**** RECORDS ****

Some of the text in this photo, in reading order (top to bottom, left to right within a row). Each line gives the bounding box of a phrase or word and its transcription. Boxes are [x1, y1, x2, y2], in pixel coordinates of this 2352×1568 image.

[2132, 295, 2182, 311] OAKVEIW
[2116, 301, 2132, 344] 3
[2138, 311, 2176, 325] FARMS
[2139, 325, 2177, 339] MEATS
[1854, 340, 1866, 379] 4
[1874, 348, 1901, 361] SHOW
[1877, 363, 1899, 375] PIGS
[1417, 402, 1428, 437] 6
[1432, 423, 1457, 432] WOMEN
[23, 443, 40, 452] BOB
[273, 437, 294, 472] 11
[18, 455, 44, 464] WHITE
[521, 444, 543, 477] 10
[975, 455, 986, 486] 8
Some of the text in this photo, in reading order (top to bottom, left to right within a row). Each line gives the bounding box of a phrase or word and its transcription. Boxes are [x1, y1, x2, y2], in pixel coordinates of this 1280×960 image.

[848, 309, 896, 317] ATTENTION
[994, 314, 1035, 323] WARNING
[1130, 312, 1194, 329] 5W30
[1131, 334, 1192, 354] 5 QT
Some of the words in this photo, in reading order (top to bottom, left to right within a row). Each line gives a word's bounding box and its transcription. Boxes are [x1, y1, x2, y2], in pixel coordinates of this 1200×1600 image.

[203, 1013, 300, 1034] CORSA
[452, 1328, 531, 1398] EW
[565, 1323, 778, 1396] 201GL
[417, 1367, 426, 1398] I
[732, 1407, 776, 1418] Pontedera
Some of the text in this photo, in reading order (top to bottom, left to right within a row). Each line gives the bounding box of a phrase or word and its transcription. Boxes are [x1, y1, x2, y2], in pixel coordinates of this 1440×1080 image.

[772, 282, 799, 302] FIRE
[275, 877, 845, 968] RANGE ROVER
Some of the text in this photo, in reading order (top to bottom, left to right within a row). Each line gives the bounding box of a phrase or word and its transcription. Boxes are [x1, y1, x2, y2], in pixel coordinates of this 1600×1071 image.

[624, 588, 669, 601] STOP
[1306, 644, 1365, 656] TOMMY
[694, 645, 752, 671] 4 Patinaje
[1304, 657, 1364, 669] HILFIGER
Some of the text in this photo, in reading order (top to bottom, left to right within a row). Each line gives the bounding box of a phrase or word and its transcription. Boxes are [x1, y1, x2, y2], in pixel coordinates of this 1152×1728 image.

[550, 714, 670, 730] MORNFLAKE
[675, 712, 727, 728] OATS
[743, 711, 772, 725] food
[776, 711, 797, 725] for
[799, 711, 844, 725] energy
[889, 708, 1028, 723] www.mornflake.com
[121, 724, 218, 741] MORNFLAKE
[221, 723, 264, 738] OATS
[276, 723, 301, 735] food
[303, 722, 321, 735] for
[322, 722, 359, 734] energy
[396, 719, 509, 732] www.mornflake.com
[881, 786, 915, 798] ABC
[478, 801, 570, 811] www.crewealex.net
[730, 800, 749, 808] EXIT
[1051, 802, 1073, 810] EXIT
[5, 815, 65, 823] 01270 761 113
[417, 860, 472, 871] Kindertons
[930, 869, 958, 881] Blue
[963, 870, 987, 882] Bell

****

The data given before this task must be transcribed exactly and in full.

Some of the text in this photo, in reading order (top to bottom, left to right within a row). Each line gives the bounding box of a phrase or word and its transcription. Boxes are [x1, y1, x2, y2], in pixel coordinates of this 2352×1568 image.

[2132, 295, 2182, 311] OAKVEIW
[2116, 301, 2132, 344] 3
[2138, 311, 2176, 325] FARMS
[2139, 325, 2177, 339] MEATS
[1854, 340, 1866, 379] 4
[1874, 348, 1901, 361] SHOW
[1877, 363, 1899, 375] PIGS
[1417, 402, 1428, 437] 6
[1432, 423, 1457, 432] WOMEN
[23, 443, 40, 452] BOB
[273, 437, 294, 472] 11
[18, 455, 44, 464] WHITE
[521, 444, 543, 477] 10
[975, 455, 986, 486] 8
Some of the text in this photo, in reading order (top to bottom, left to right within a row). Each line gives the bounding box of a phrase or word and its transcription. Boxes are [x1, y1, x2, y2], in pixel coordinates of this 1280×960 image.

[848, 309, 896, 317] ATTENTION
[994, 314, 1035, 323] WARNING
[1130, 312, 1194, 329] 5W30
[1131, 334, 1192, 354] 5 QT
Some of the words in this photo, in reading order (top to bottom, left to right within a row). Each line gives a word's bounding box and its transcription. Boxes are [x1, y1, x2, y2], in pixel coordinates of this 1200×1600 image.

[203, 1013, 300, 1034] CORSA
[452, 1328, 531, 1398] EW
[565, 1323, 778, 1396] 201GL
[417, 1367, 426, 1398] I
[732, 1407, 776, 1418] Pontedera
Some of the text in this photo, in reading order (top to bottom, left to right within a row). Each line gives the bounding box of a phrase or word and its transcription. Boxes are [x1, y1, x2, y2], in pixel coordinates of this 1440×1080 image.

[772, 282, 799, 302] FIRE
[275, 877, 845, 968] RANGE ROVER
Some of the text in this photo, in reading order (top to bottom, left to right within a row). Each line gives the bounding box of a phrase or word and its transcription. Boxes are [x1, y1, x2, y2], in pixel coordinates of this 1600×1071 image.

[624, 588, 669, 601] STOP
[1306, 644, 1365, 656] TOMMY
[694, 645, 752, 671] 4 Patinaje
[1304, 657, 1364, 669] HILFIGER
Some of the text in this photo, in reading order (top to bottom, left to right within a row). Each line gives the bounding box of a phrase or word and its transcription. Boxes are [x1, y1, x2, y2], in pixel coordinates of this 1152×1728 image.

[550, 714, 670, 730] MORNFLAKE
[675, 712, 727, 728] OATS
[743, 711, 772, 725] food
[776, 711, 797, 725] for
[799, 711, 844, 725] energy
[889, 708, 1028, 723] www.mornflake.com
[121, 724, 218, 741] MORNFLAKE
[221, 723, 264, 738] OATS
[276, 723, 301, 735] food
[303, 722, 321, 735] for
[322, 722, 359, 734] energy
[396, 719, 509, 732] www.mornflake.com
[881, 786, 915, 798] ABC
[478, 801, 570, 811] www.crewealex.net
[730, 800, 749, 808] EXIT
[1051, 802, 1073, 810] EXIT
[5, 815, 65, 823] 01270 761 113
[417, 860, 472, 871] Kindertons
[930, 869, 958, 881] Blue
[963, 870, 987, 882] Bell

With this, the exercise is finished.